PROBLEM REQUIREMENTS:
Below is a set of entries; copy all of them exactly.

Extracted data entries:
★ ★ ★ ★ ★ ★ ★
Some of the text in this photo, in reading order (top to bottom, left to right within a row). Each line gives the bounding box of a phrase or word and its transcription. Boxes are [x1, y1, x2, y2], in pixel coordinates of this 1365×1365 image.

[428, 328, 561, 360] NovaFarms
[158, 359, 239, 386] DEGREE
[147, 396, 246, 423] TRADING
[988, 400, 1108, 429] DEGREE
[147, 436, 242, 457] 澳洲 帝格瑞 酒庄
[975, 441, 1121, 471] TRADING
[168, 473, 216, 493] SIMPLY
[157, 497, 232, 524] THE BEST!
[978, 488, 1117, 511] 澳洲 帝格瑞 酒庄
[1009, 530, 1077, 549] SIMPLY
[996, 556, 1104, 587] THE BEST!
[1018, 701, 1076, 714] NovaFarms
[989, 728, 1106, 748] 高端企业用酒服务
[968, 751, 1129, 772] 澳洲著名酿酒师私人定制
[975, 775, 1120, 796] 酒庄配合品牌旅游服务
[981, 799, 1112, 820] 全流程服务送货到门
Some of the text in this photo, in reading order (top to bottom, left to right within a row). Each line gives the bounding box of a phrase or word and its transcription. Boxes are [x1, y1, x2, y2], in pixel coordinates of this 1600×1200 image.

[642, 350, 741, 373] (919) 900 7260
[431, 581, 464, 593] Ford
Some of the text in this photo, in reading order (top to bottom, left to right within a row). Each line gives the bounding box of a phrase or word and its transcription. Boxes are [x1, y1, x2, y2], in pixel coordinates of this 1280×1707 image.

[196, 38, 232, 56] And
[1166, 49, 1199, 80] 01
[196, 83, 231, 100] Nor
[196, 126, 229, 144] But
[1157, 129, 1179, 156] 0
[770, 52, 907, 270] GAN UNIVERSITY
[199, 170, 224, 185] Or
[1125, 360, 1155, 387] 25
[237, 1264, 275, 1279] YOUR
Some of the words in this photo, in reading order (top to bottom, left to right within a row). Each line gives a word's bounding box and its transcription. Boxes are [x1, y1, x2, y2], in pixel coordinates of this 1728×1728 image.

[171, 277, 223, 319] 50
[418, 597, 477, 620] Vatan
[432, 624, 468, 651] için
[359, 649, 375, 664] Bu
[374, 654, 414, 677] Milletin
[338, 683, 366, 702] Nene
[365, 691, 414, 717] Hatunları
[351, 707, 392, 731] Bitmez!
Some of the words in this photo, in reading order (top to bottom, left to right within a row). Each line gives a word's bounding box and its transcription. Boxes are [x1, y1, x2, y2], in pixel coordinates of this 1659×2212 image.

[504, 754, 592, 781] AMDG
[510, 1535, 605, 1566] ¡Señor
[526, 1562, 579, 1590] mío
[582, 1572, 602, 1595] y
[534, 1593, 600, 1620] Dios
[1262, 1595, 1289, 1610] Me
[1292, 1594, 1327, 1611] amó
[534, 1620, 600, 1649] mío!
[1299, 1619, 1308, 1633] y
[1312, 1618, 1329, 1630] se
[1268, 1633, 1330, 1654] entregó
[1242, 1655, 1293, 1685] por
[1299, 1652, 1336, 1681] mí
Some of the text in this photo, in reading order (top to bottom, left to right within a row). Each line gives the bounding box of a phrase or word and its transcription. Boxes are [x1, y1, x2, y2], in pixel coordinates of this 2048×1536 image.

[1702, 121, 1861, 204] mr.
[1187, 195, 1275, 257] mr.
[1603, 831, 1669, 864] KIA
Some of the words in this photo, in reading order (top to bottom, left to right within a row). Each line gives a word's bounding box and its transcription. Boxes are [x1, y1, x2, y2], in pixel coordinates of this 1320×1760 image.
★ ★ ★ ★ ★ ★ ★
EXERCISE RESULT:
Some of the text in this photo, in reading order (top to bottom, left to right within a row). Each line gives the bounding box of a phrase or word and its transcription. Boxes are [x1, y1, x2, y2], in pixel coordinates of this 1365×1365 image.

[428, 328, 561, 360] NovaFarms
[158, 359, 239, 386] DEGREE
[147, 396, 246, 423] TRADING
[988, 400, 1108, 429] DEGREE
[147, 436, 242, 457] 澳洲 帝格瑞 酒庄
[975, 441, 1121, 471] TRADING
[168, 473, 216, 493] SIMPLY
[157, 497, 232, 524] THE BEST!
[978, 488, 1117, 511] 澳洲 帝格瑞 酒庄
[1009, 530, 1077, 549] SIMPLY
[996, 556, 1104, 587] THE BEST!
[1018, 701, 1076, 714] NovaFarms
[989, 728, 1106, 748] 高端企业用酒服务
[968, 751, 1129, 772] 澳洲著名酿酒师私人定制
[975, 775, 1120, 796] 酒庄配合品牌旅游服务
[981, 799, 1112, 820] 全流程服务送货到门
Some of the text in this photo, in reading order (top to bottom, left to right within a row). Each line gives the bounding box of a phrase or word and its transcription. Boxes are [x1, y1, x2, y2], in pixel coordinates of this 1600×1200 image.

[642, 350, 741, 373] (919) 900 7260
[431, 581, 464, 593] Ford
Some of the text in this photo, in reading order (top to bottom, left to right within a row). Each line gives the bounding box of a phrase or word and its transcription. Boxes are [x1, y1, x2, y2], in pixel coordinates of this 1280×1707 image.

[196, 38, 232, 56] And
[1166, 49, 1199, 80] 01
[196, 83, 231, 100] Nor
[196, 126, 229, 144] But
[1157, 129, 1179, 156] 0
[770, 52, 907, 270] GAN UNIVERSITY
[199, 170, 224, 185] Or
[1125, 360, 1155, 387] 25
[237, 1264, 275, 1279] YOUR
Some of the words in this photo, in reading order (top to bottom, left to right within a row). Each line gives a word's bounding box and its transcription. Boxes are [x1, y1, x2, y2], in pixel coordinates of this 1728×1728 image.

[171, 277, 223, 319] 50
[418, 597, 477, 620] Vatan
[432, 624, 468, 651] için
[359, 649, 375, 664] Bu
[374, 654, 414, 677] Milletin
[338, 683, 366, 702] Nene
[365, 691, 414, 717] Hatunları
[351, 707, 392, 731] Bitmez!
Some of the words in this photo, in reading order (top to bottom, left to right within a row). Each line gives a word's bounding box and its transcription. Boxes are [x1, y1, x2, y2], in pixel coordinates of this 1659×2212 image.

[504, 754, 592, 781] AMDG
[510, 1535, 605, 1566] ¡Señor
[526, 1562, 579, 1590] mío
[582, 1572, 602, 1595] y
[534, 1593, 600, 1620] Dios
[1262, 1595, 1289, 1610] Me
[1292, 1594, 1327, 1611] amó
[534, 1620, 600, 1649] mío!
[1299, 1619, 1308, 1633] y
[1312, 1618, 1329, 1630] se
[1268, 1633, 1330, 1654] entregó
[1242, 1655, 1293, 1685] por
[1299, 1652, 1336, 1681] mí
Some of the text in this photo, in reading order (top to bottom, left to right within a row). Each line gives the bounding box of a phrase or word and its transcription. Boxes are [x1, y1, x2, y2], in pixel coordinates of this 2048×1536 image.

[1702, 121, 1861, 204] mr.
[1187, 195, 1275, 257] mr.
[1603, 831, 1669, 864] KIA
Some of the words in this photo, in reading order (top to bottom, left to right within a row). Each line gives a word's bounding box and its transcription. Boxes are [x1, y1, x2, y2], in pixel coordinates of this 1320×1760 image.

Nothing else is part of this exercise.